On Fri, Aug 29, 2014 at 3:31 AM, Paolo Bonzini <pbonz...@redhat.com> wrote:
> From: David Matlack <dmatl...@google.com>
>
> vcpu exits and memslot mutations can run concurrently as long as the
> vcpu does not aquire the slots mutex. Thus it is theoretically possible
> for memslots to change underneath a vcpu that is handling an exit.
>
> If we increment the memslot generation number again after
> synchronize_srcu_expedited(), vcpus can safely cache memslot generation
> without maintaining a single rcu_dereference through an entire vm exit.
> And much of the x86/kvm code does not maintain a single rcu_dereference
> of the current memslots during each exit.
>
> We can prevent the following case:
>
>    vcpu (CPU 0)                             | thread (CPU 1)

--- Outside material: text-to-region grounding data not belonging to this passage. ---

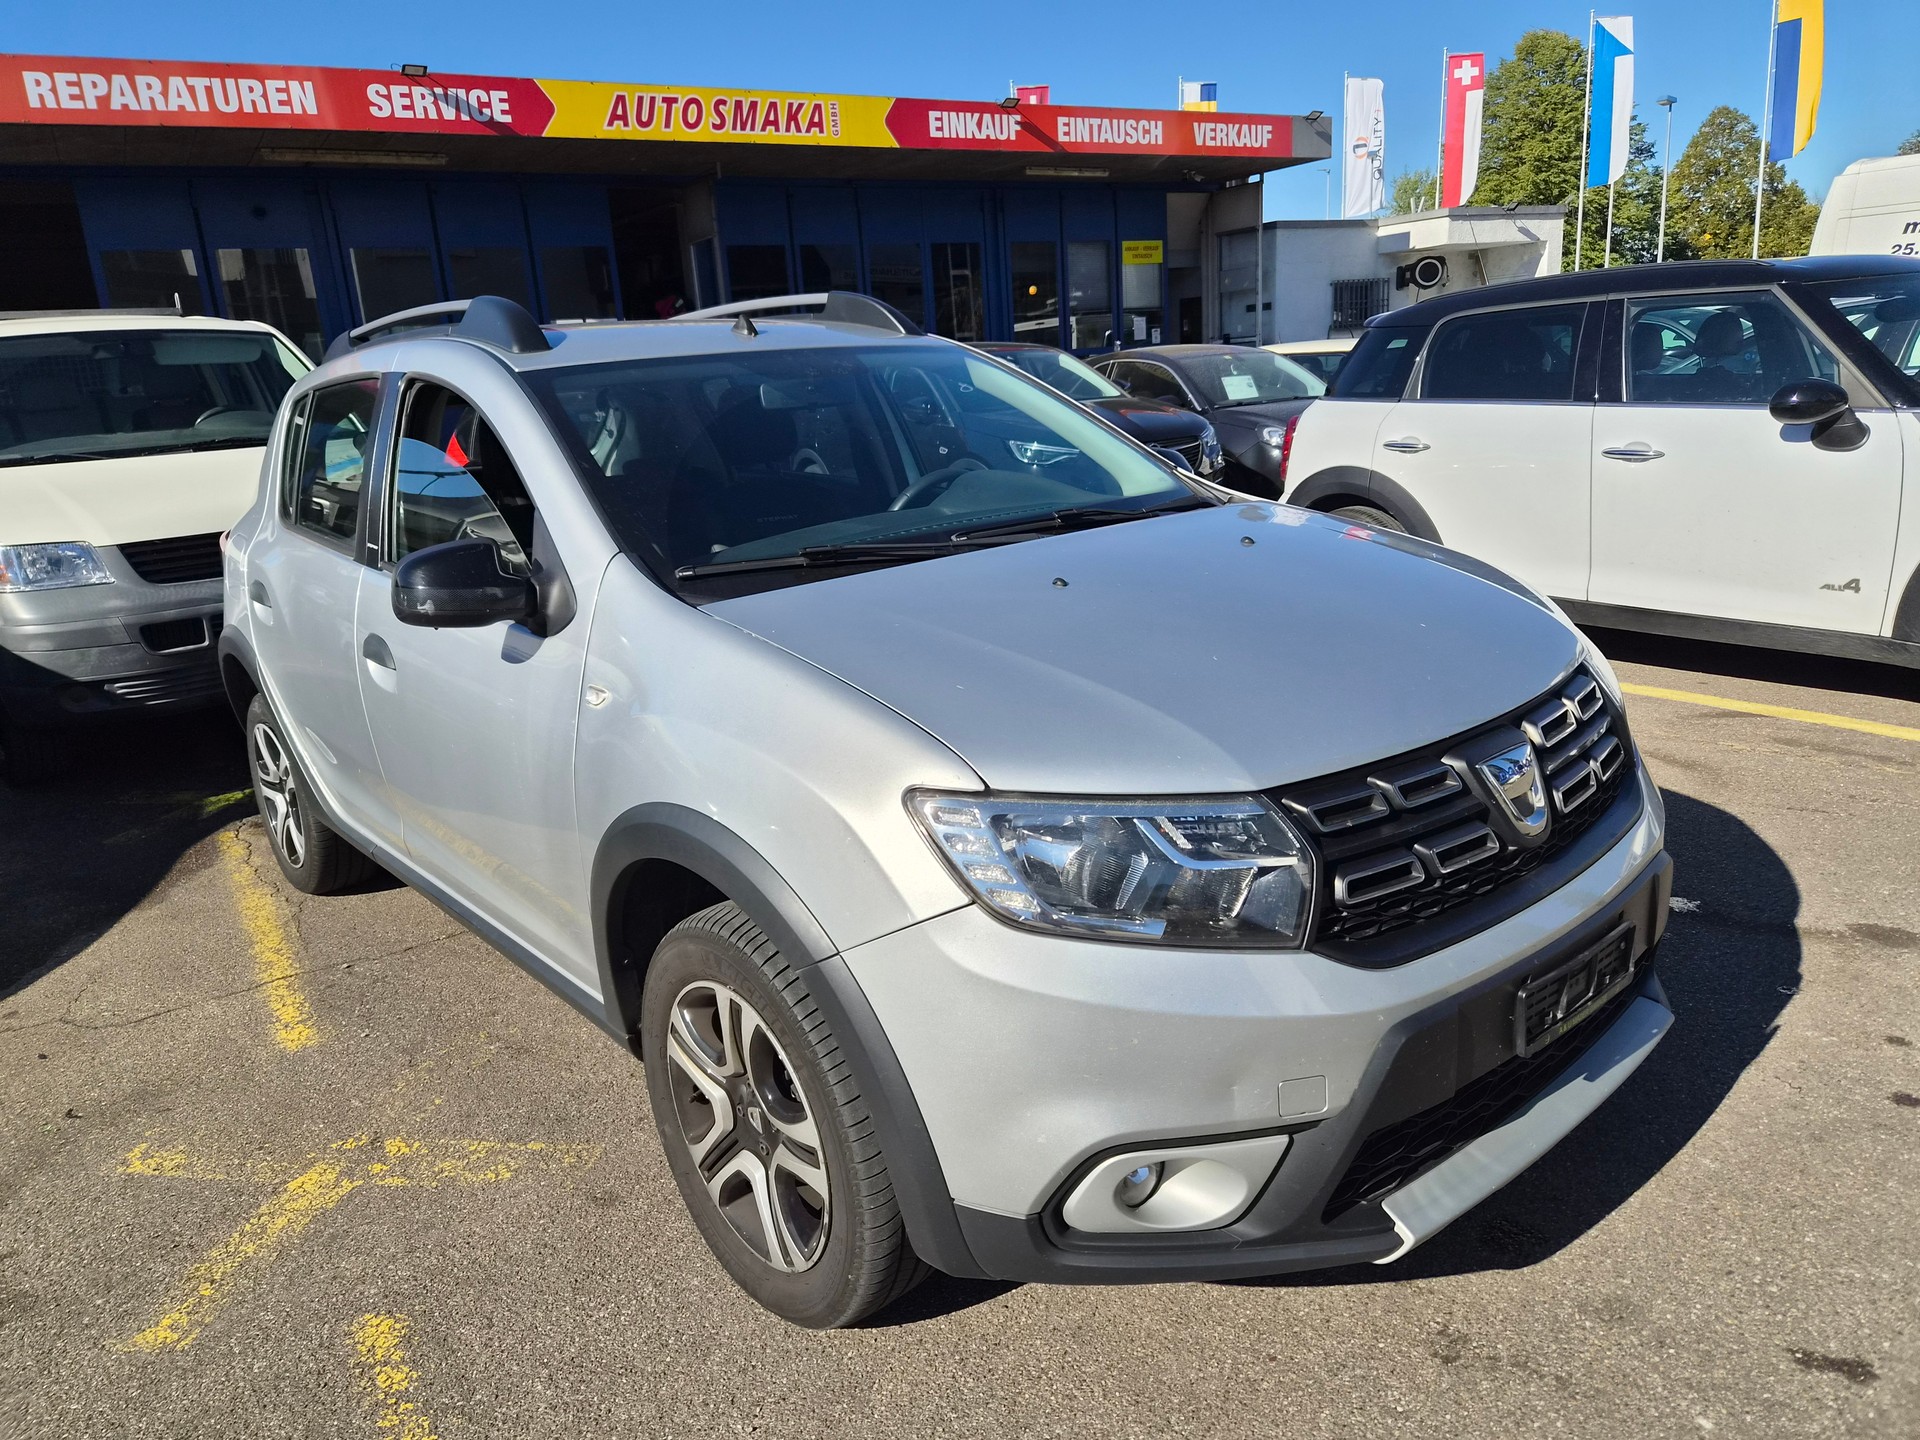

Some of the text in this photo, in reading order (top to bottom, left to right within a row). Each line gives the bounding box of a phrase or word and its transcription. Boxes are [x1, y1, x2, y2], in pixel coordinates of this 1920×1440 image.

[23, 71, 318, 115] REPARATUREN
[368, 84, 512, 123] SERVICE
[606, 93, 826, 135] AUTO SMAKA
[830, 102, 839, 136] GMBH
[929, 110, 1021, 140] EINKAUF
[1057, 116, 1163, 145] EINTAUSCH
[1193, 122, 1272, 148] VERKAUF
[1373, 117, 1382, 181] QUALITY

> --------------------------------------------+--------------------------
> 1  vm exit                                  |
> 2  srcu_read_unlock(&kvm->srcu)             |
> 3  decide to cache something based on       |
>      old memslots                           |
> 4                                           | change memslots
>                                             | (increments generation)

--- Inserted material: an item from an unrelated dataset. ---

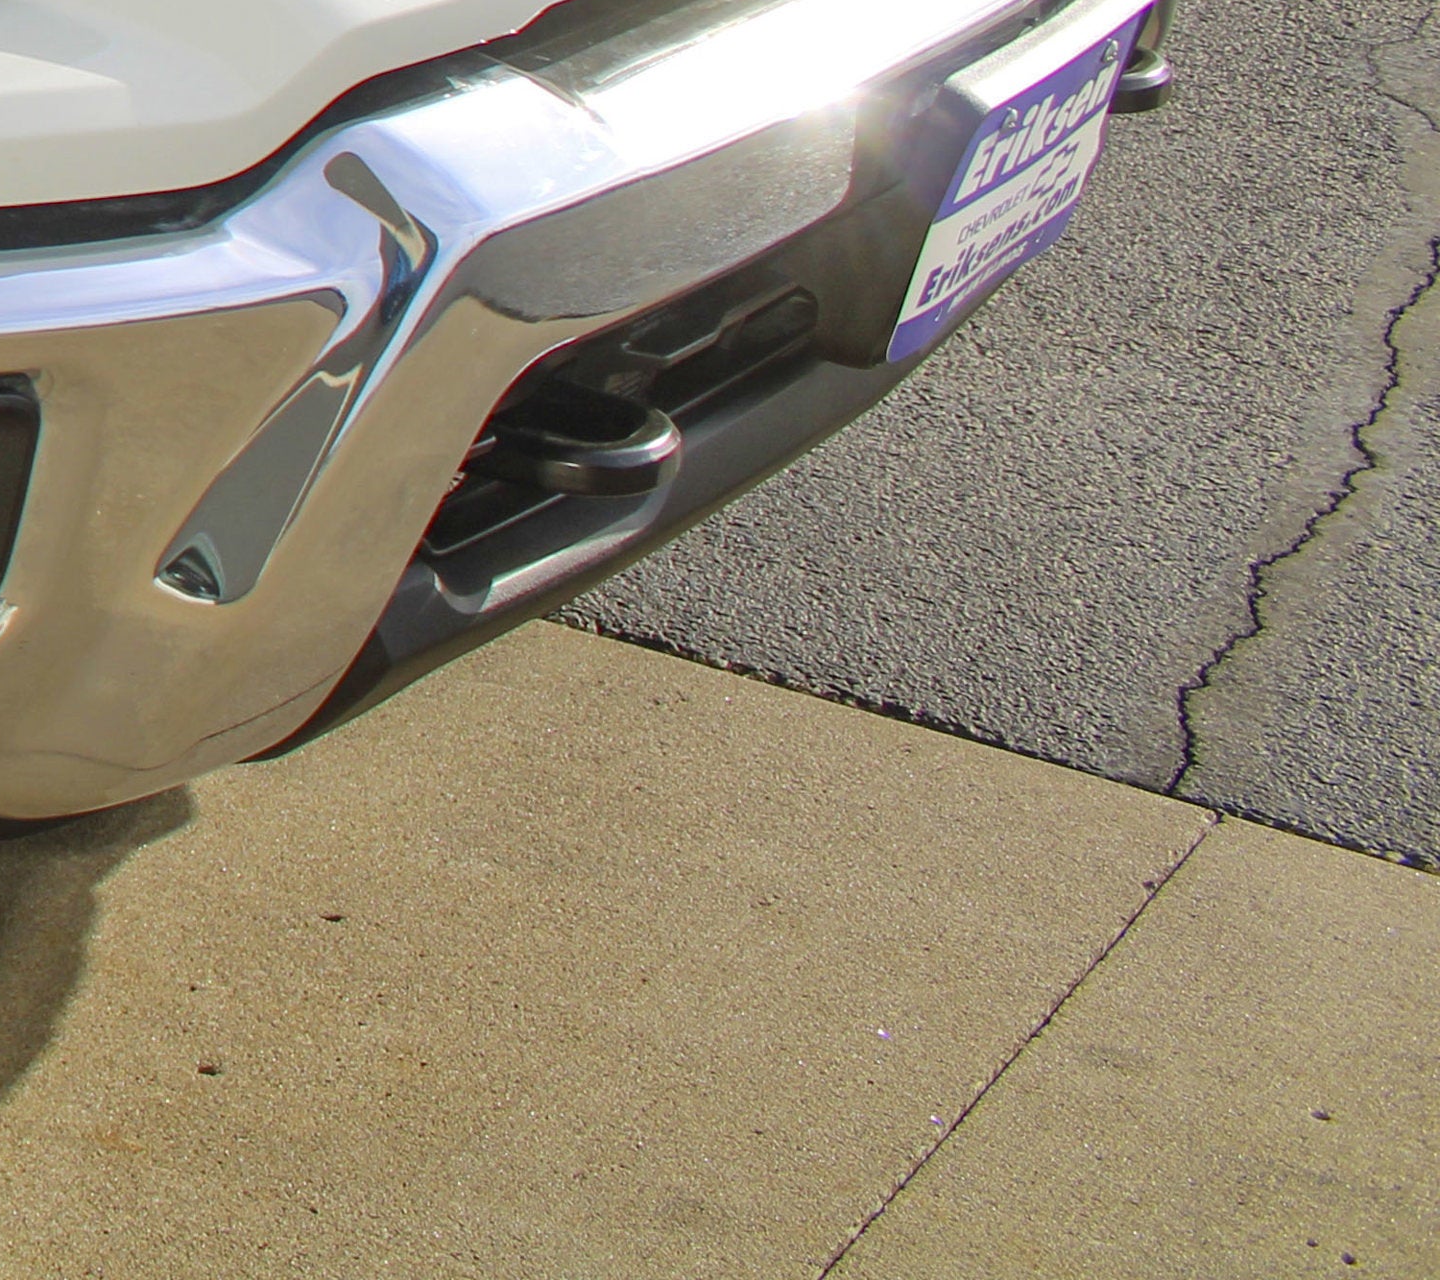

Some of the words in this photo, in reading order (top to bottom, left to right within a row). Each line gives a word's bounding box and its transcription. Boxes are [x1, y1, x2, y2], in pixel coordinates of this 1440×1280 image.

[954, 60, 1120, 204] Eriksen
[916, 171, 1081, 309] Eriksens.com
[957, 183, 1032, 245] CHEVROLET

> 5                                           | synchronize_srcu(&kvm->srcu);
> 6  retrieve generation # from new memslots  |
> 7  tag cache with new memslot generation    |
> 8  srcu_read_unlock(&kvm->srcu)             |
> ...                                         |
>    <action based on cache occurs even       |
>     though the caching decision was based   |
>     on the old memslots>                    |
> ...                                         |
>    <action *continues* to occur until next  |
>     memslot generation change, which may    |
>     be never>                               |
>                                             |
>
> By incrementing the generation after synchronizing with kvm->srcu readers,
> we ensure that the generation retrieved in (6) will become invalid soon
> after (8).
>
> Keeping the existing increment is not strictly necessary, but we
> do keep it and just move it for consistency from update_memslots to
> install_new_memslots.  It invalidates old cached MMIOs immediately,
> instead of having to wait for the end of synchronize_srcu_expedited,
> which makes the code more clearly correct in case CPU 1 is preempted
> right after synchronize_srcu() returns.
>
> To avoid halving the generation space in SPTEs, always presume that the
> low bit of the generation is zero when reconstructing a generation number
> out of an SPTE.  This effectively disables MMIO caching in SPTEs during
> the call to synchronize_srcu_expedited.  Using the low bit this way is
> somewhat like a seqcount---where the protected thing is a cache, and
> instead of retrying we can simply punt if we observe the low bit to be 1.
>
> Cc: sta...@vger.kernel.org
> Cc: Xiao Guangrong <xiaoguangr...@linux.vnet.ibm.com>
> Signed-off-by: David Matlack <dmatl...@google.com>
> Signed-off-by: Paolo Bonzini <pbonz...@redhat.com>
> ---
>  Documentation/virtual/kvm/mmu.txt | 14 ++++++++++++++
>  arch/x86/kvm/mmu.c                | 20 ++++++++++++--------
>  virt/kvm/kvm_main.c               | 23 ++++++++++++++++-------
>  3 files changed, 42 insertions(+), 15 deletions(-)
>
> diff --git a/Documentation/virtual/kvm/mmu.txt 
> b/Documentation/virtual/kvm/mmu.txt
> index 290894176142..53838d9c6295 100644
> --- a/Documentation/virtual/kvm/mmu.txt
> +++ b/Documentation/virtual/kvm/mmu.txt
> @@ -425,6 +425,20 @@ fault through the slow path.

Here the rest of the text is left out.